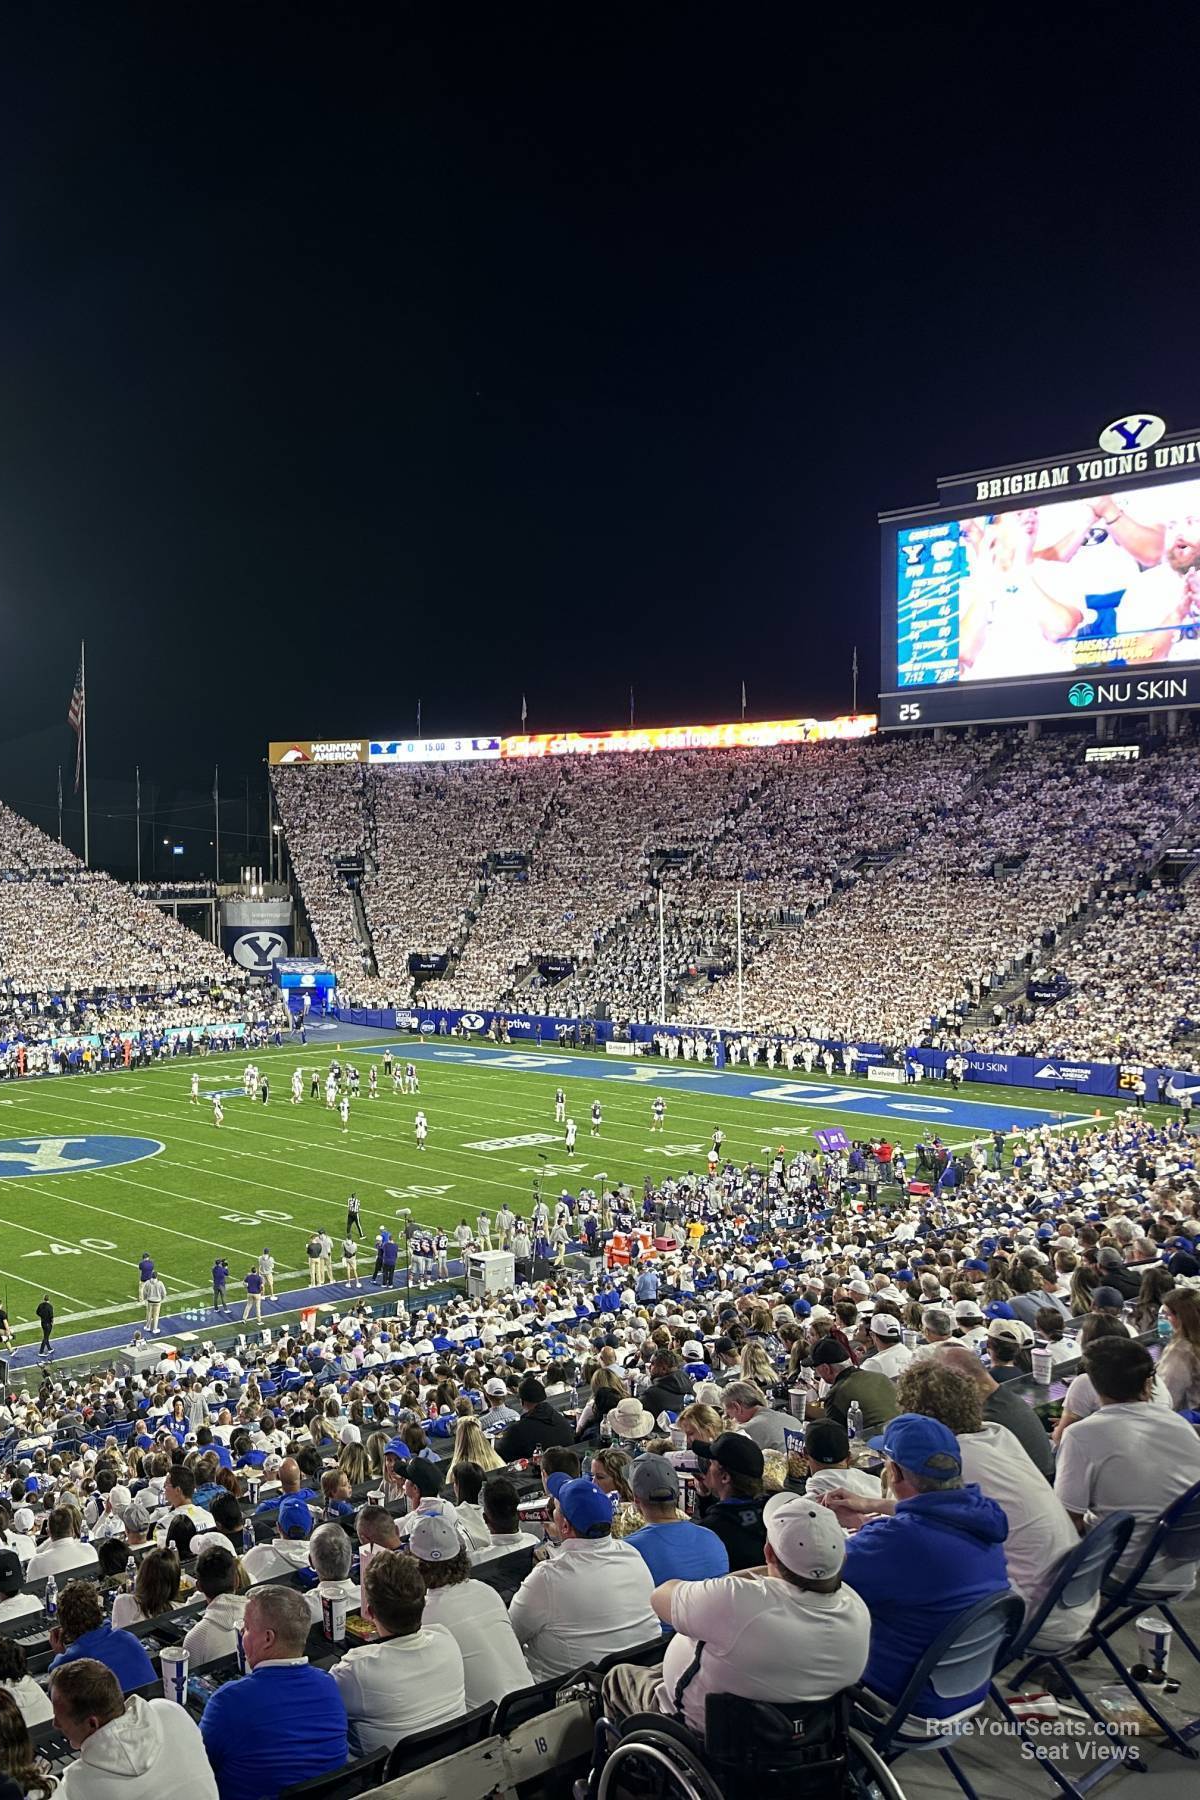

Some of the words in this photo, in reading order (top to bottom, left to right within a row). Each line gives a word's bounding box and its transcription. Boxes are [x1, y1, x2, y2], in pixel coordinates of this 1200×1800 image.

[976, 465, 1070, 501] BRIGHAM
[1076, 451, 1148, 482] YOUNG
[1098, 683, 1131, 703] NU
[1137, 679, 1187, 700] SKIN
[900, 704, 920, 721] 25
[310, 743, 362, 753] MOUNTAIN
[408, 743, 414, 752] 0
[455, 742, 461, 750] 3
[551, 738, 599, 755] savory
[313, 752, 359, 761] AMERICA
[507, 1018, 531, 1030] ptive
[971, 1062, 985, 1070] NU
[986, 1063, 1008, 1073] SKIN
[1059, 1066, 1091, 1075] MOUNTAIN
[1061, 1072, 1089, 1080] AMERICA
[579, 1201, 591, 1211] 78
[219, 1209, 294, 1227] 50
[621, 1214, 633, 1226] 55
[47, 1238, 118, 1257] 40
[535, 1737, 548, 1755] 18

▶ _Instructions for the task_:
Copy out every line above without change, dropping the pictures.

▶ _Output below_:
Some of the words in this photo, in reading order (top to bottom, left to right within a row). Each line gives a word's bounding box and its transcription. Boxes are [x1, y1, x2, y2], in pixel coordinates of this 1200×1800 image.

[976, 465, 1070, 501] BRIGHAM
[1076, 451, 1148, 482] YOUNG
[1098, 683, 1131, 703] NU
[1137, 679, 1187, 700] SKIN
[900, 704, 920, 721] 25
[310, 743, 362, 753] MOUNTAIN
[408, 743, 414, 752] 0
[455, 742, 461, 750] 3
[551, 738, 599, 755] savory
[313, 752, 359, 761] AMERICA
[507, 1018, 531, 1030] ptive
[971, 1062, 985, 1070] NU
[986, 1063, 1008, 1073] SKIN
[1059, 1066, 1091, 1075] MOUNTAIN
[1061, 1072, 1089, 1080] AMERICA
[579, 1201, 591, 1211] 78
[219, 1209, 294, 1227] 50
[621, 1214, 633, 1226] 55
[47, 1238, 118, 1257] 40
[535, 1737, 548, 1755] 18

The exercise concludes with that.